Each line from the one holding "this 1600×1200 image." through the end of the records should be returned exactly, while pictures are skipped.

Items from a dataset
==================================================

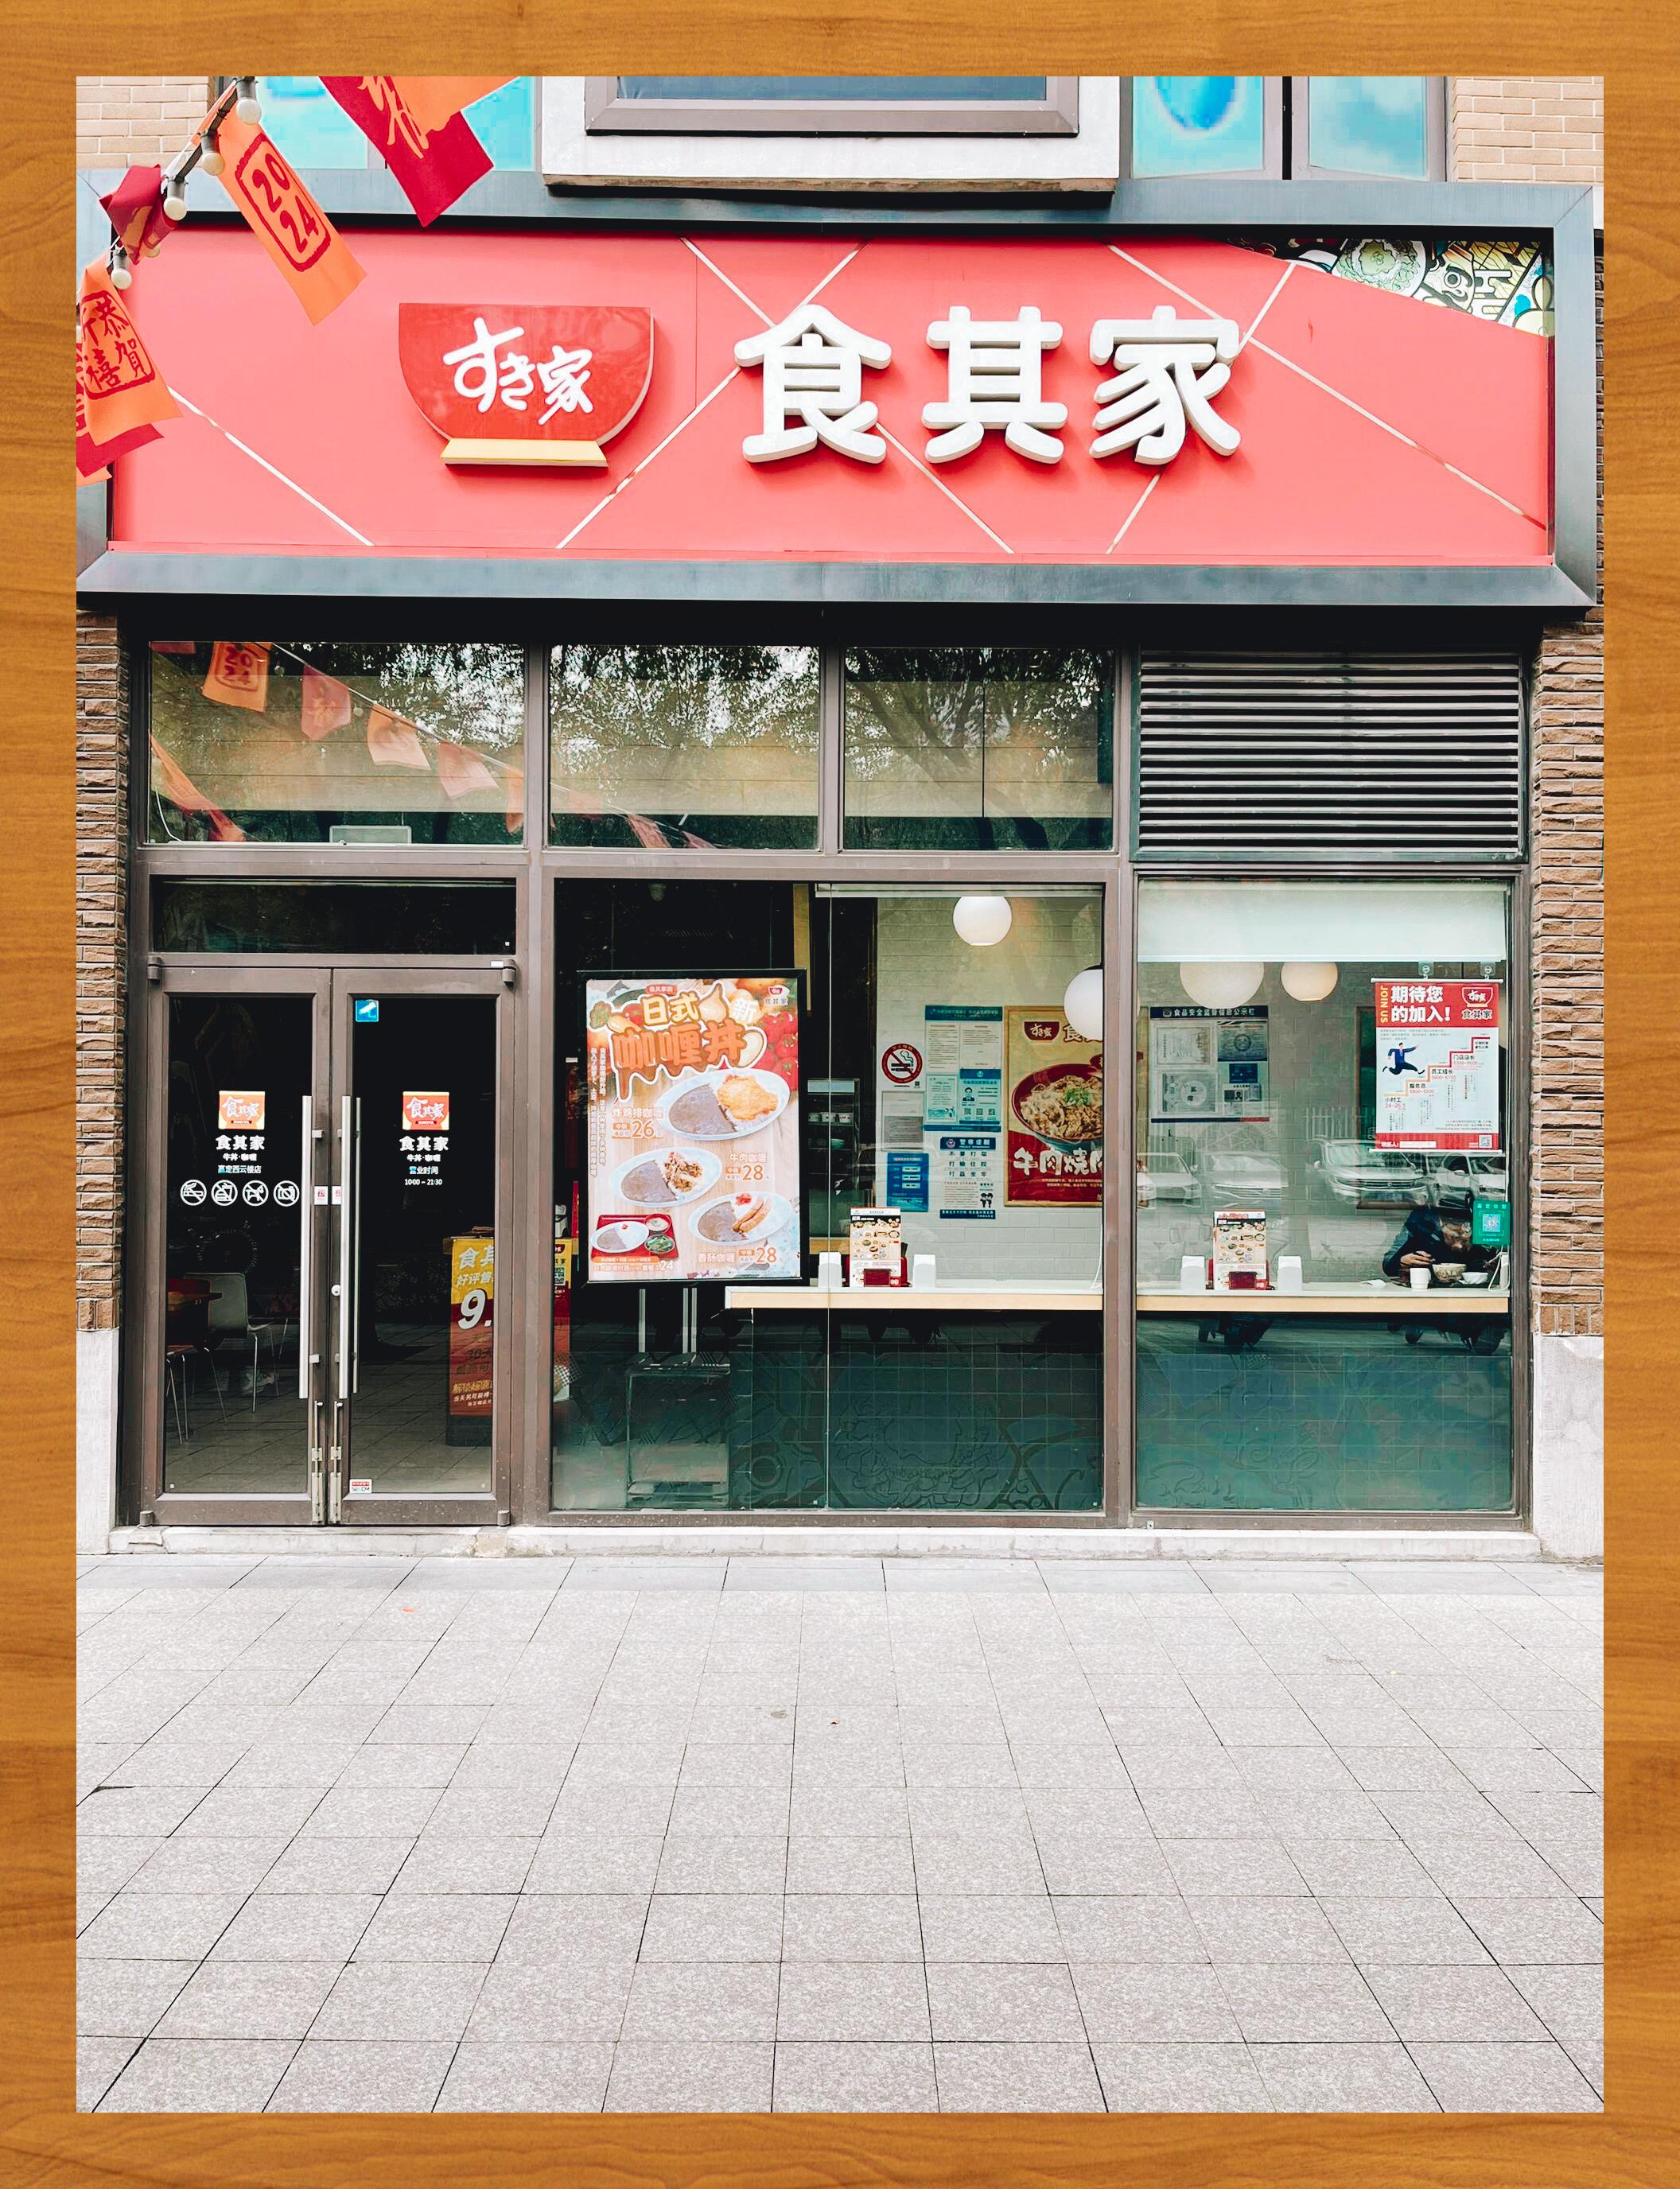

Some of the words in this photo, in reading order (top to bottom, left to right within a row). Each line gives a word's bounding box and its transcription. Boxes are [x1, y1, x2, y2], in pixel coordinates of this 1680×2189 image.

[443, 317, 593, 426] すき家
[734, 304, 1241, 465] 食其家
[1390, 986, 1444, 1003] 期待您
[642, 993, 699, 1025] 日式
[731, 998, 757, 1024] 新
[1380, 1011, 1388, 1023] US
[1390, 1005, 1450, 1023] 的加入!
[1462, 1009, 1492, 1020] 食其家
[612, 1021, 746, 1070] 咖喱丼
[631, 1119, 655, 1138] 26
[215, 1134, 265, 1150] 食其家
[399, 1135, 449, 1151] 食其家
[741, 1164, 764, 1180] 28
[756, 1246, 777, 1263] 28
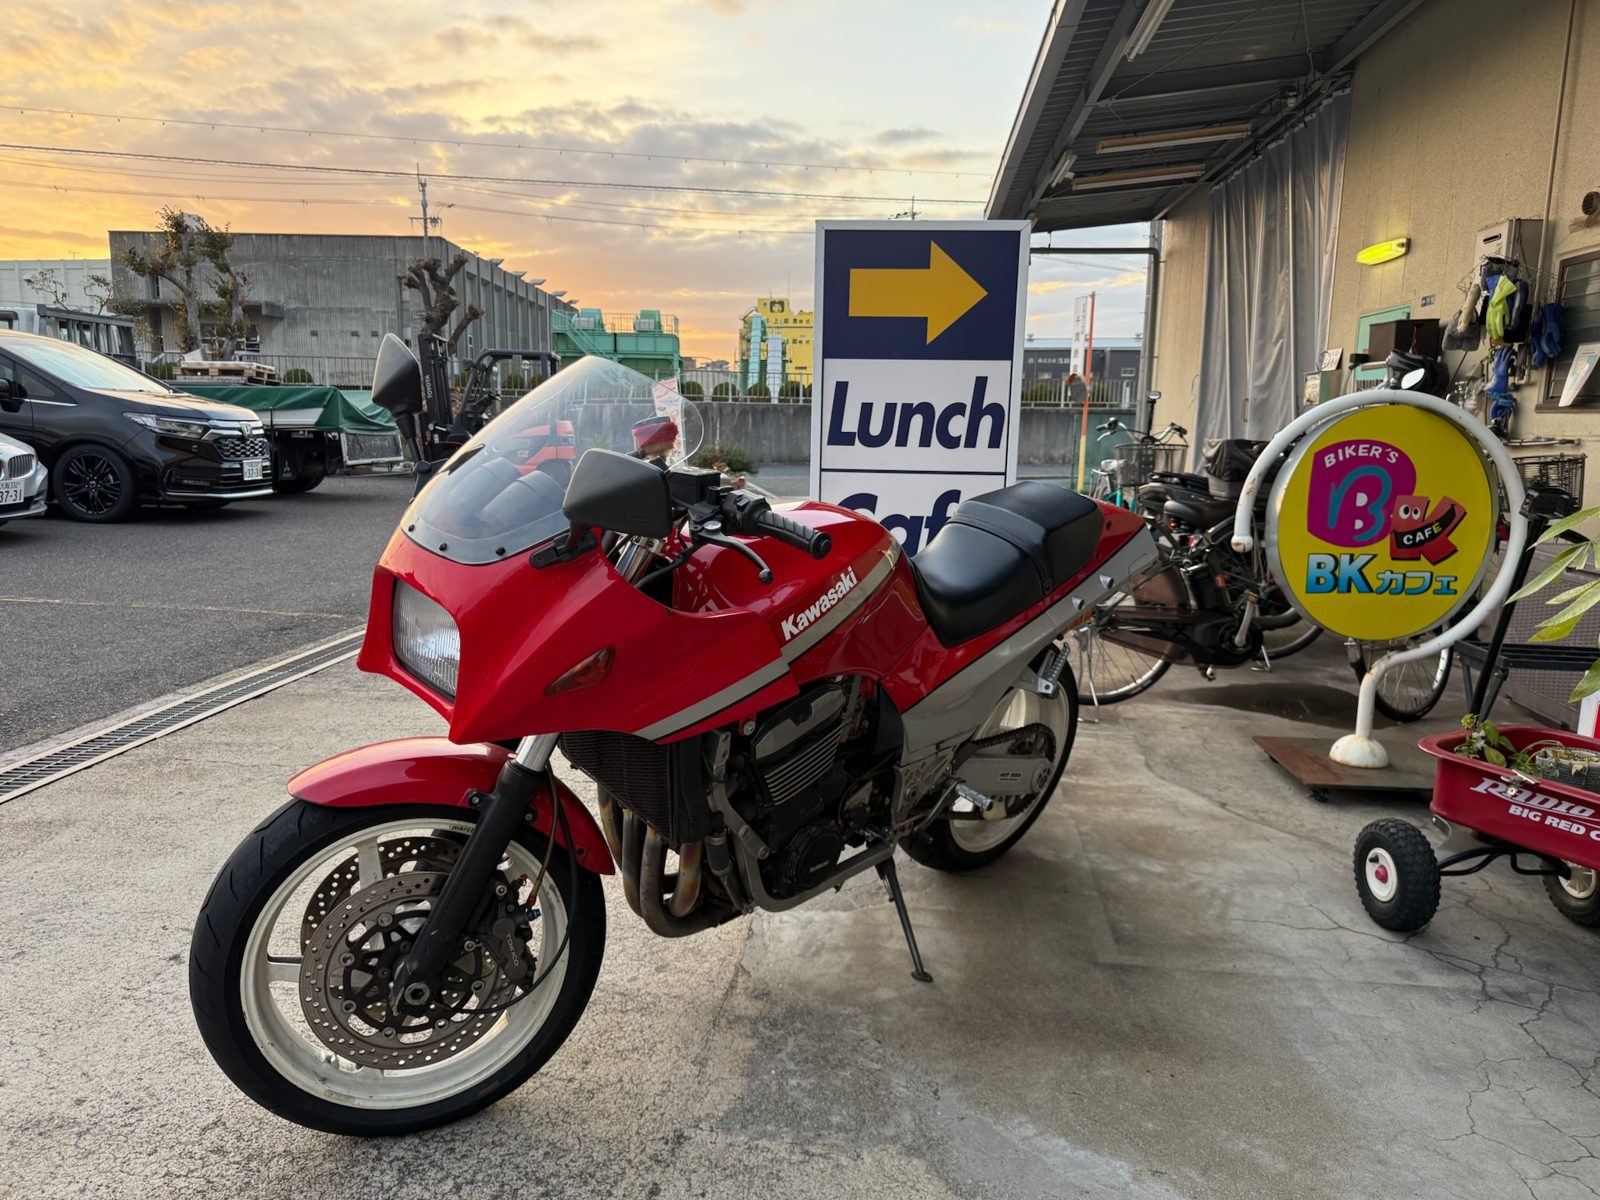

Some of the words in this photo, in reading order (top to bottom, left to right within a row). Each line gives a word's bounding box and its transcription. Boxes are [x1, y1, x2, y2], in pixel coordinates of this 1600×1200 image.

[827, 376, 1005, 449] Lunch
[1324, 444, 1399, 468] BIKER'S
[781, 566, 858, 641] Kawasaki
[1508, 805, 1543, 822] BIG
[1544, 816, 1586, 835] RED
[505, 931, 520, 967] TOKICO
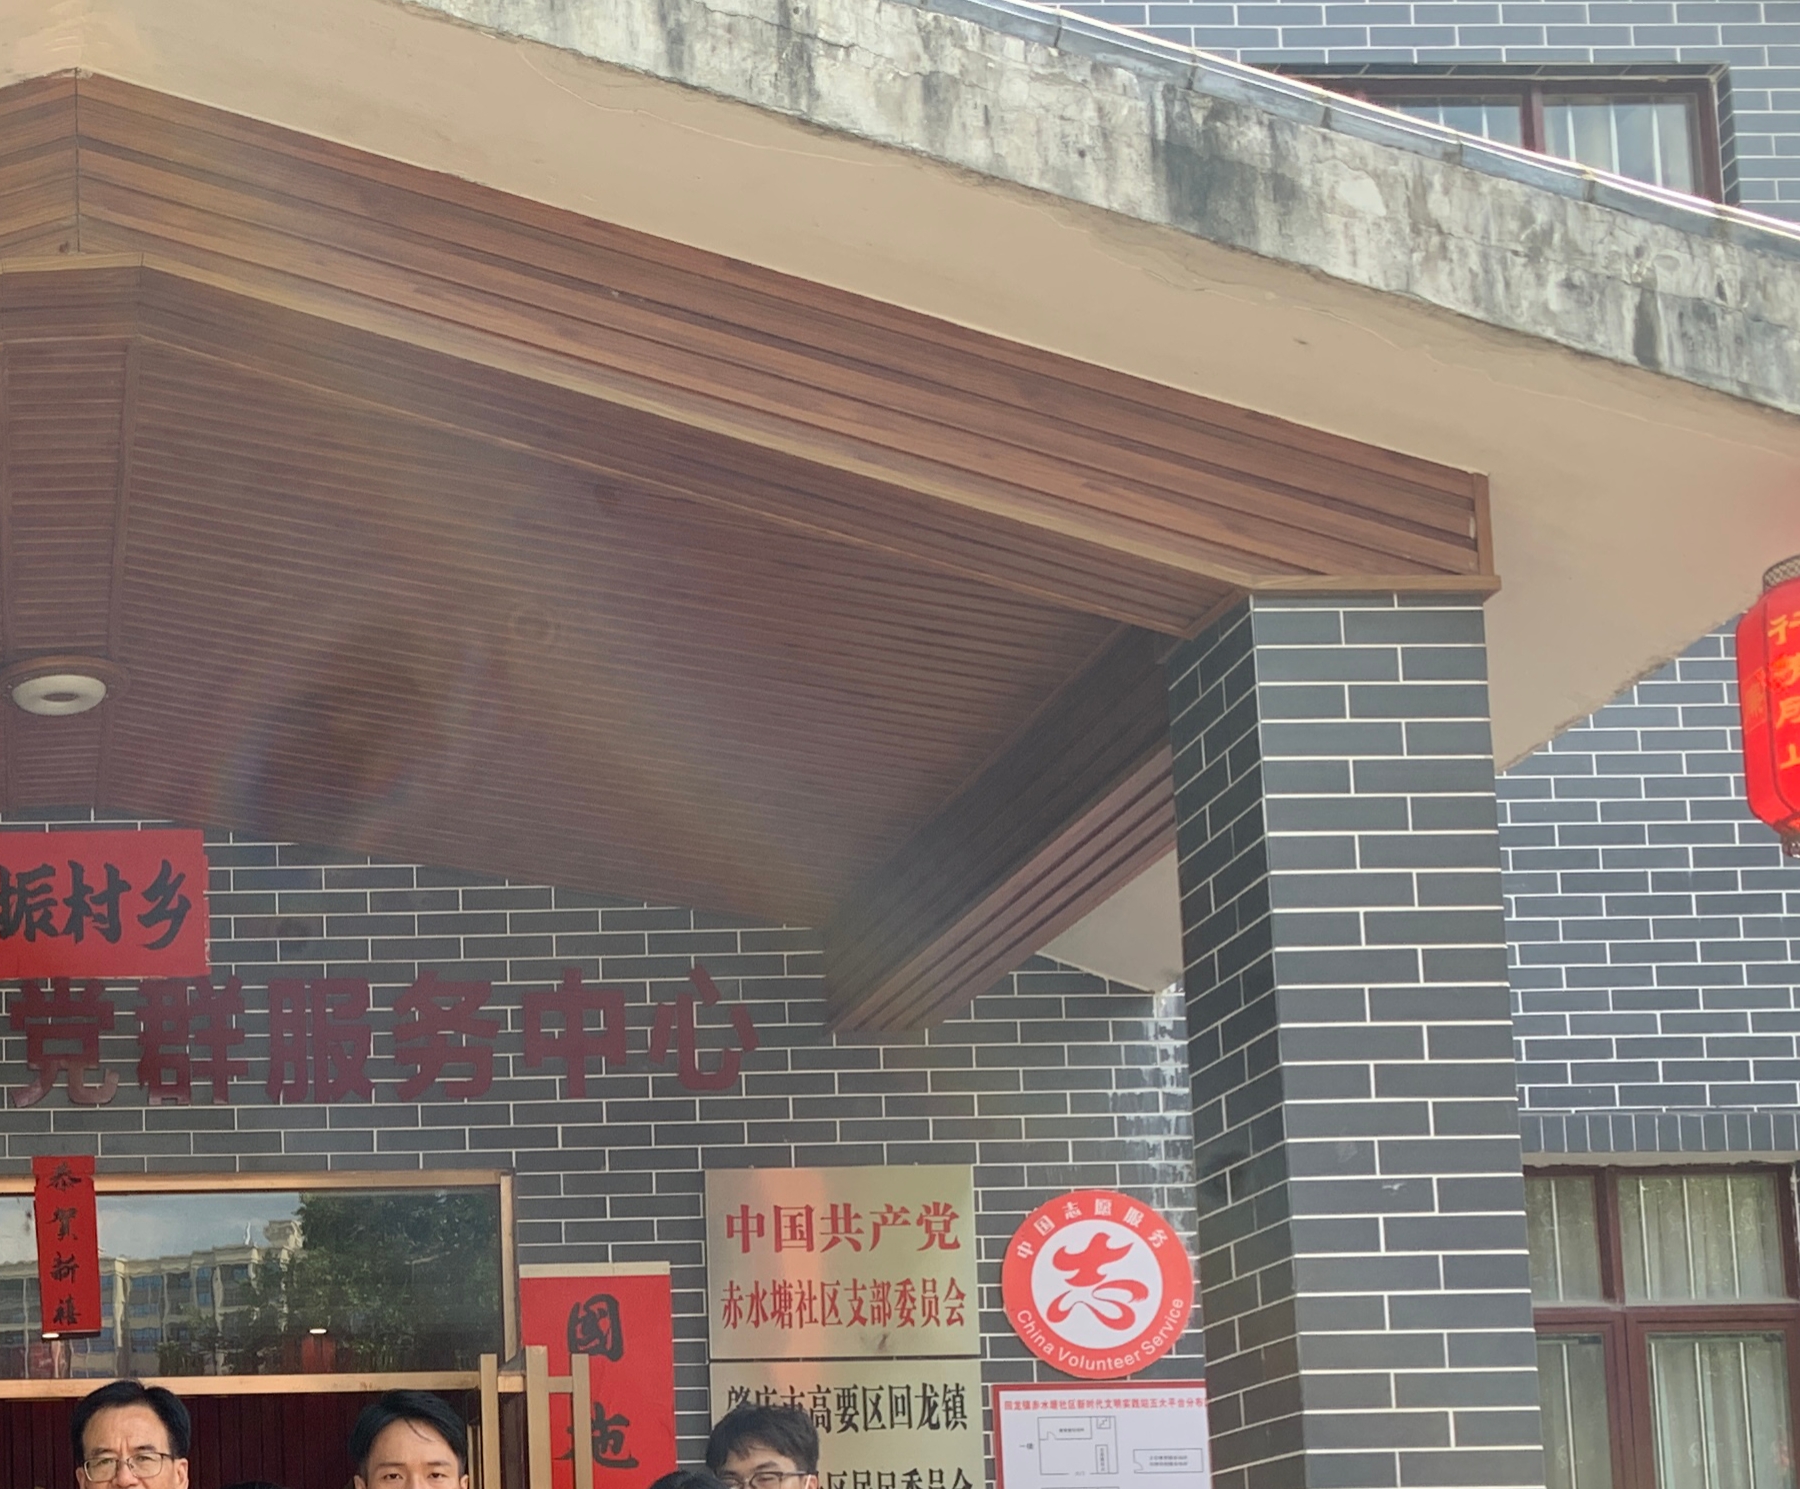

==================================================

Answer for the task:
Some of the words in this photo, in reading order (top to bottom, left to right within a row). Each line gives a word's bounding box and its transcription. Boxes are [x1, y1, x2, y2], in pixel coordinates of this 1600×1200 image.

[827, 376, 1005, 449] Lunch
[1324, 444, 1399, 468] BIKER'S
[781, 566, 858, 641] Kawasaki
[1508, 805, 1543, 822] BIG
[1544, 816, 1586, 835] RED
[505, 931, 520, 967] TOKICO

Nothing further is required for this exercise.